X-Files Origin Story
The adj!noun format is purported to have started in X-Files fandom. Good examples for this are Wombat's Spotter's Guide to the Common Krycek and the accompanying Spotter's Guide to the Common Mulder where several Krycek sub-species such as Bad to the Bone!Krycek, Bad but Lovin'!Krycek, Hot'n'dirty!Krycek or Misunderstood!Krycek and Mulder sub-subspecies such as Angst!Mulder, Basketcase!Mulder, HappySlut!Mulder, Sensitive!Mulder and WellAdjusted!Mulder are described. The first usage was Action!Mulder, referring to canon scenes where Mulder suddenly went all actiony (instead of talky), followed by Saint!Scully. Eventually they lost the initial capitals and the canon connections; by the time it hit other fandoms, it was being used to describe fannish things.
Email Origin Story
- “Bang paths” (! is called a “bang" when not used for emphasis) were the first addressing scheme for email, before modern automatic routing was set up.

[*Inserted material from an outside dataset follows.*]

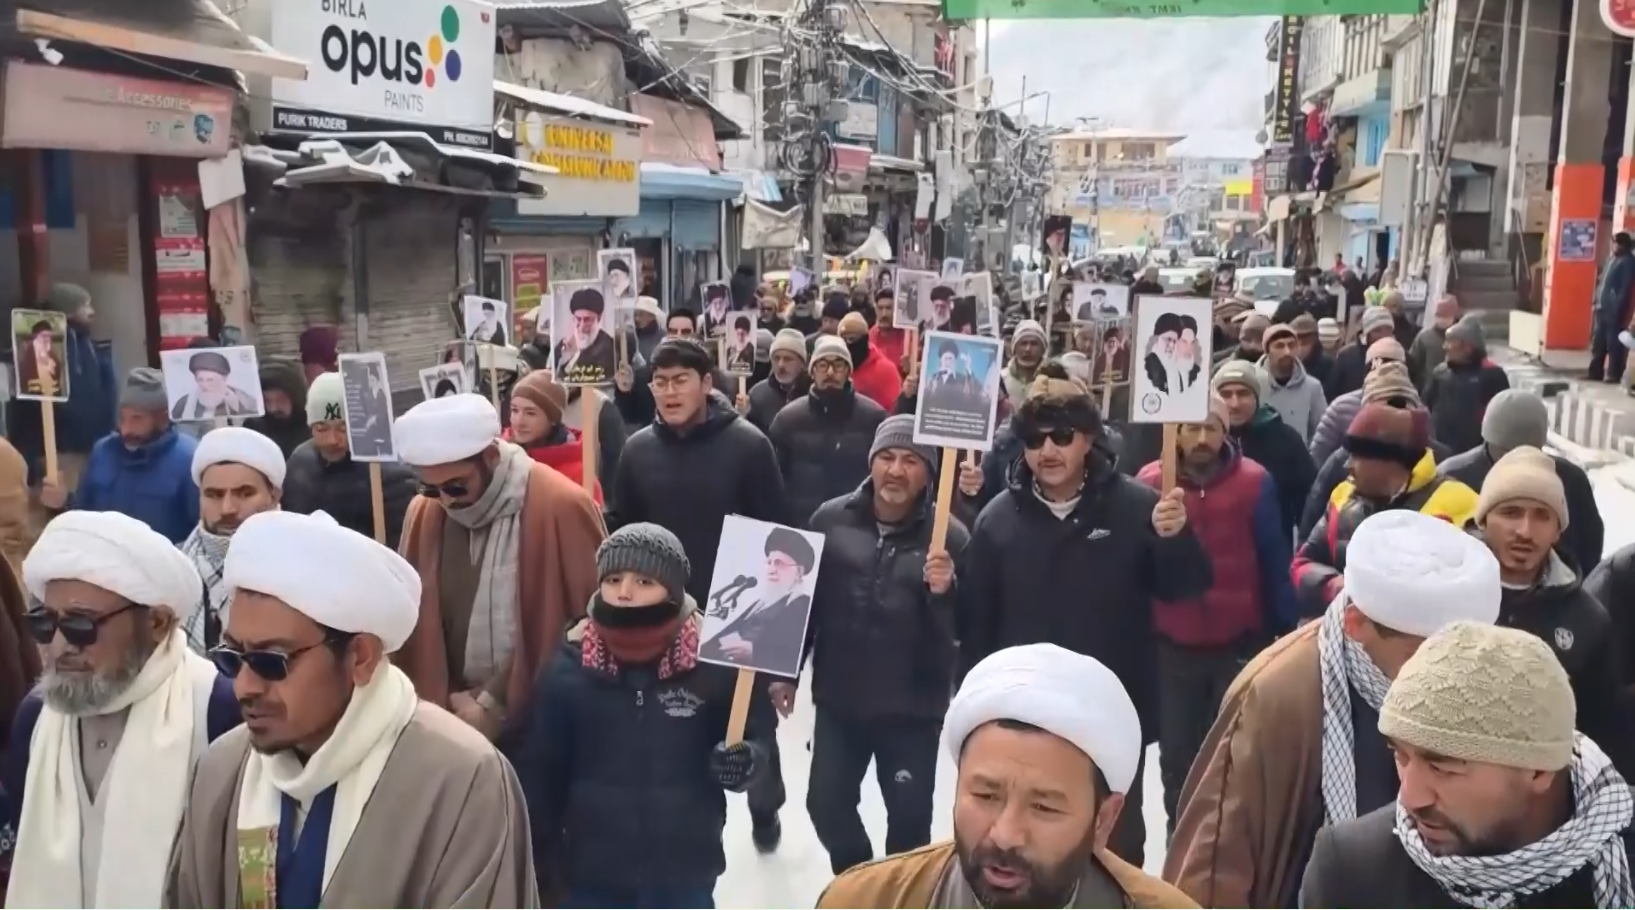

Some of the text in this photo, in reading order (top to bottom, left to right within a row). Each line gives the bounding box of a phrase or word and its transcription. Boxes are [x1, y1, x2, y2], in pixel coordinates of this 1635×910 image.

If you wanted to write a mail to the Steve here in Engineering, you just wrote “Steve” in the to: field and the computer sent it to the local account named Steve. But if it was Steve over in the physics department you wrote it to phys!Steve; the computer sent it to the “phys” computer, which sent it in turn to the Steve account. To get Steve in the Art department over at NYU, you wrote NYU!art!Steve- your computer sends it to the NYU gateway computer sends it to the “art” computer sends it to the Steve account. Etc. (“Bang"s were just chosen because they were on the keyboard, not too visually noisy, and not used for a huge lot already).
- It became pretty standard jargon, as I understand, to disambiguate when writing to other humans. First phys!Steve vs the Steve right next to you, just like you were taking to the machine, then getting looser (as jargon does) to reference, say, bearded!Steve vs bald!Steve.
- So I’m guessing alternate character version tags probably came from that.